** Assigned task **
Please give an exact transcription of the lines below, from the one that contains "Some of the words" to the very last, with no other lines.

'''

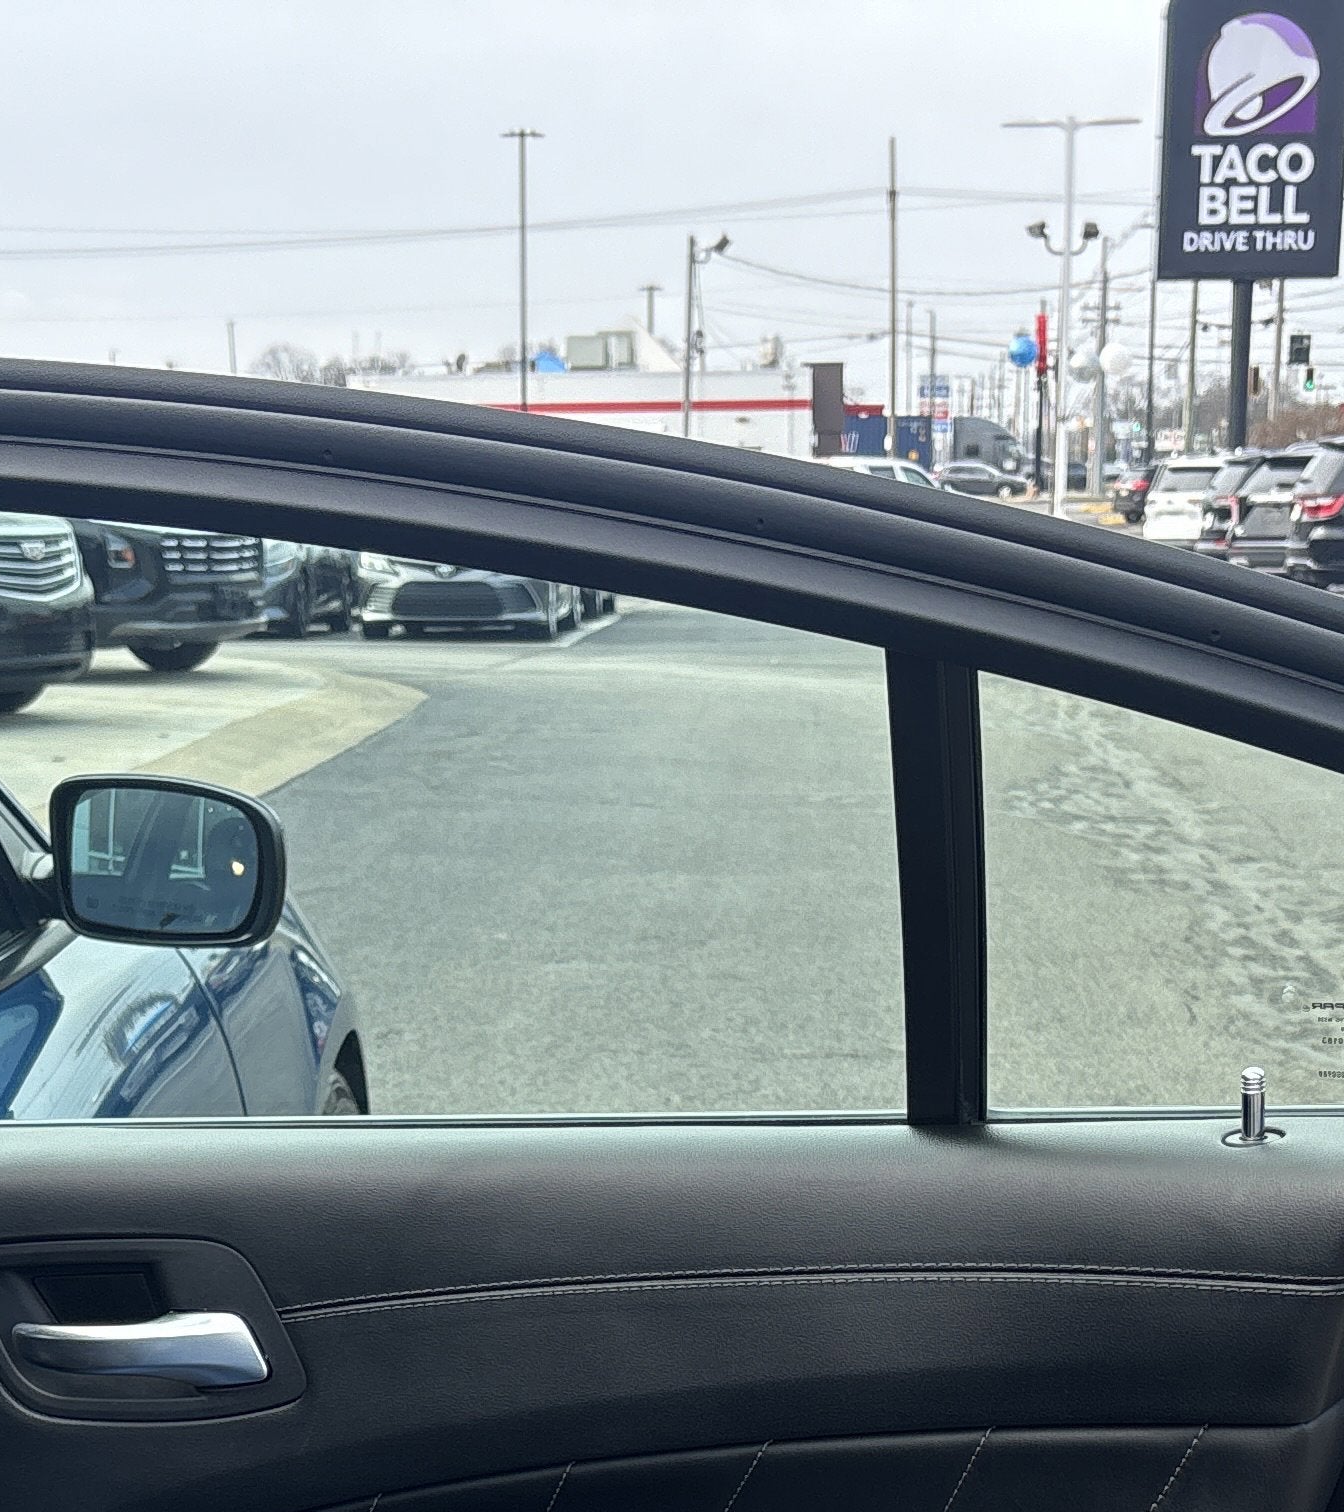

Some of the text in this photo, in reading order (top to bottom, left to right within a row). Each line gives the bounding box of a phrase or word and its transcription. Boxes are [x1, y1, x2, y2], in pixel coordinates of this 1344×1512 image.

[1191, 142, 1315, 184] TACO
[1198, 185, 1310, 225] BELL
[1183, 229, 1315, 252] DRIVE THRU
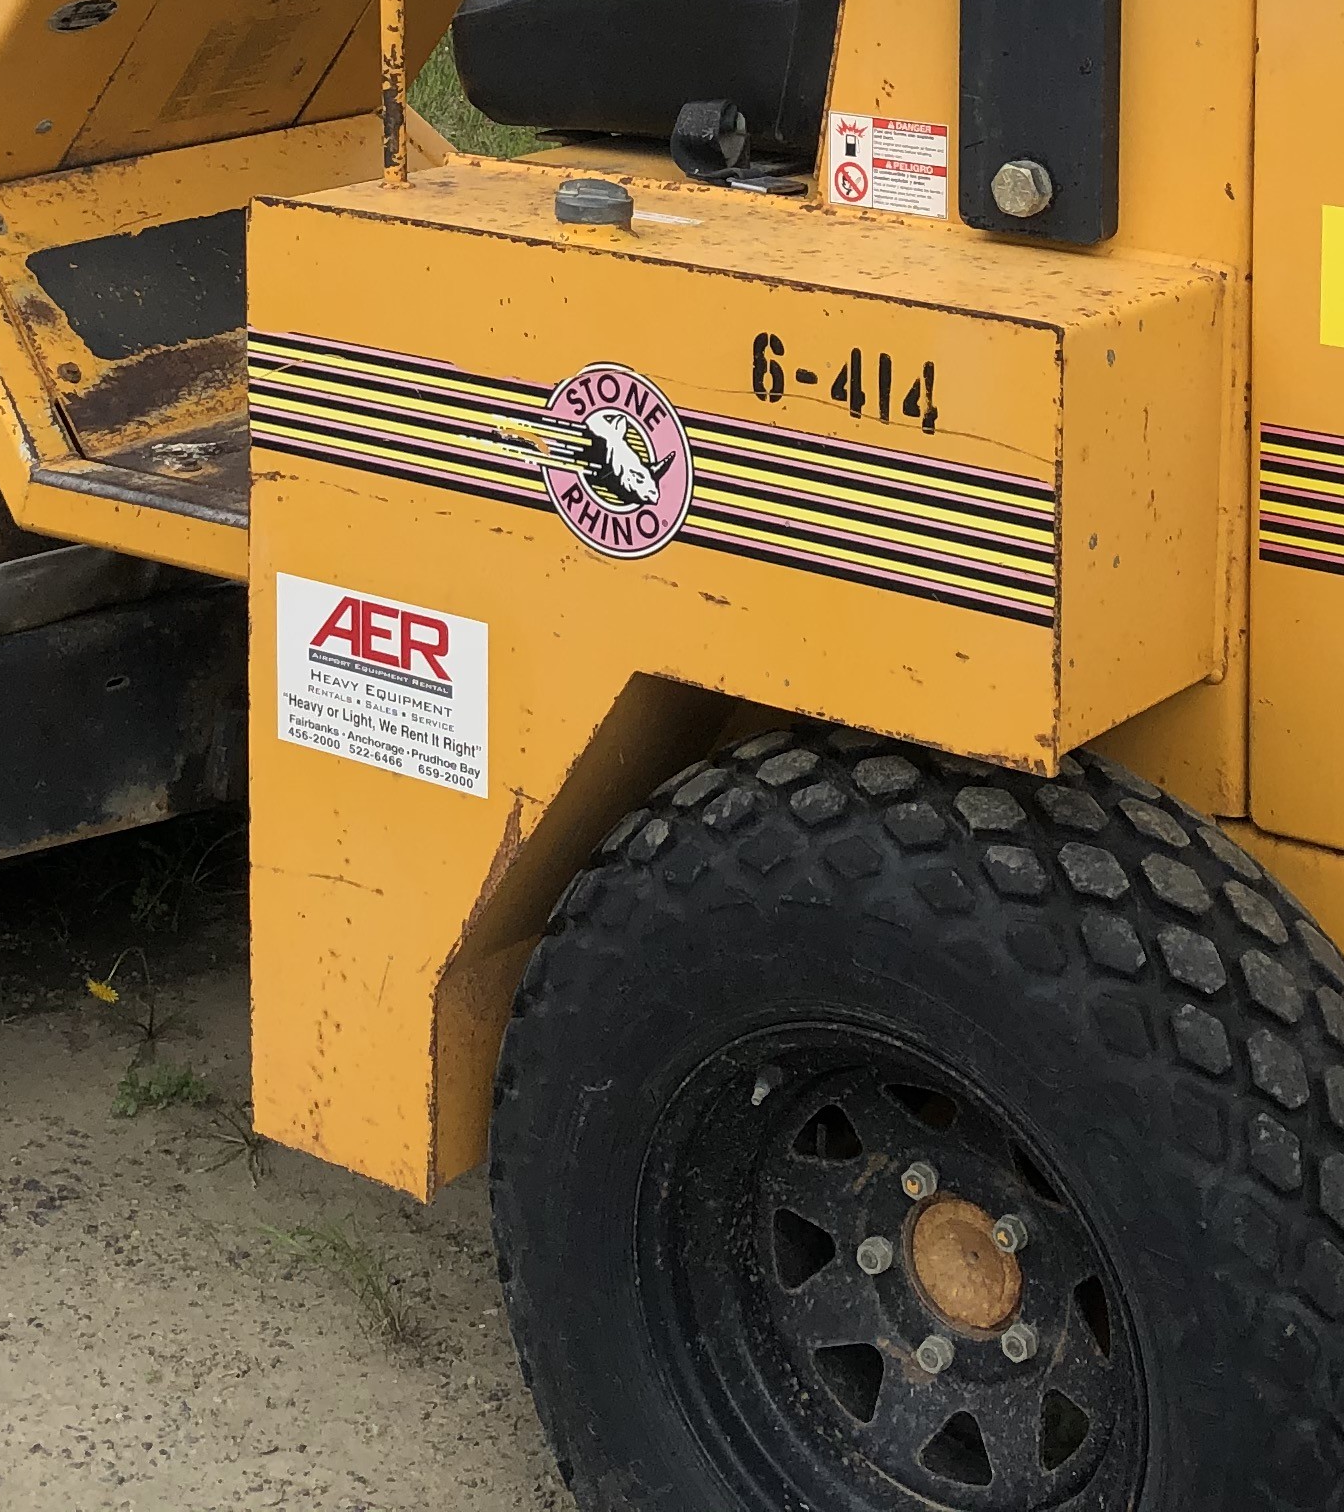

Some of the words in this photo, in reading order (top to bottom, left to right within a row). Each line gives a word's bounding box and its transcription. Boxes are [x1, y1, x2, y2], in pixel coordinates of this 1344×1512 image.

[895, 121, 932, 134] DANGER
[892, 162, 934, 175] PELIGRO
[566, 374, 667, 432] STONE
[752, 332, 939, 434] 6-414
[561, 482, 660, 545] RHINO
[310, 596, 453, 682] AER
[310, 669, 359, 692] HEAVY
[365, 684, 453, 718] EQUIPMENT
[311, 652, 351, 668] AIRPORT
[354, 663, 409, 683] EQUIPMENT
[411, 678, 449, 694] RENTAL
[308, 684, 352, 704] RENTALS
[365, 700, 398, 716] SALES
[411, 712, 455, 732] SERVICE
[327, 706, 340, 719] or
[342, 704, 376, 731] Light,
[379, 717, 397, 735] We
[401, 724, 429, 744] Rent
[432, 732, 440, 748] It
[288, 726, 341, 750] 456-2000
[348, 744, 403, 769] 522-6466
[418, 764, 474, 789] 659-2000
[289, 713, 340, 737] Fairbanks
[347, 730, 405, 756] Anchorage
[411, 748, 457, 771] Prudhoe
[459, 762, 481, 780] Bay

'''

** Your response **
Some of the words in this photo, in reading order (top to bottom, left to right within a row). Each line gives a word's bounding box and its transcription. Boxes are [x1, y1, x2, y2], in pixel coordinates of this 1344×1512 image.

[895, 121, 932, 134] DANGER
[892, 162, 934, 175] PELIGRO
[566, 374, 667, 432] STONE
[752, 332, 939, 434] 6-414
[561, 482, 660, 545] RHINO
[310, 596, 453, 682] AER
[310, 669, 359, 692] HEAVY
[365, 684, 453, 718] EQUIPMENT
[311, 652, 351, 668] AIRPORT
[354, 663, 409, 683] EQUIPMENT
[411, 678, 449, 694] RENTAL
[308, 684, 352, 704] RENTALS
[365, 700, 398, 716] SALES
[411, 712, 455, 732] SERVICE
[327, 706, 340, 719] or
[342, 704, 376, 731] Light,
[379, 717, 397, 735] We
[401, 724, 429, 744] Rent
[432, 732, 440, 748] It
[288, 726, 341, 750] 456-2000
[348, 744, 403, 769] 522-6466
[418, 764, 474, 789] 659-2000
[289, 713, 340, 737] Fairbanks
[347, 730, 405, 756] Anchorage
[411, 748, 457, 771] Prudhoe
[459, 762, 481, 780] Bay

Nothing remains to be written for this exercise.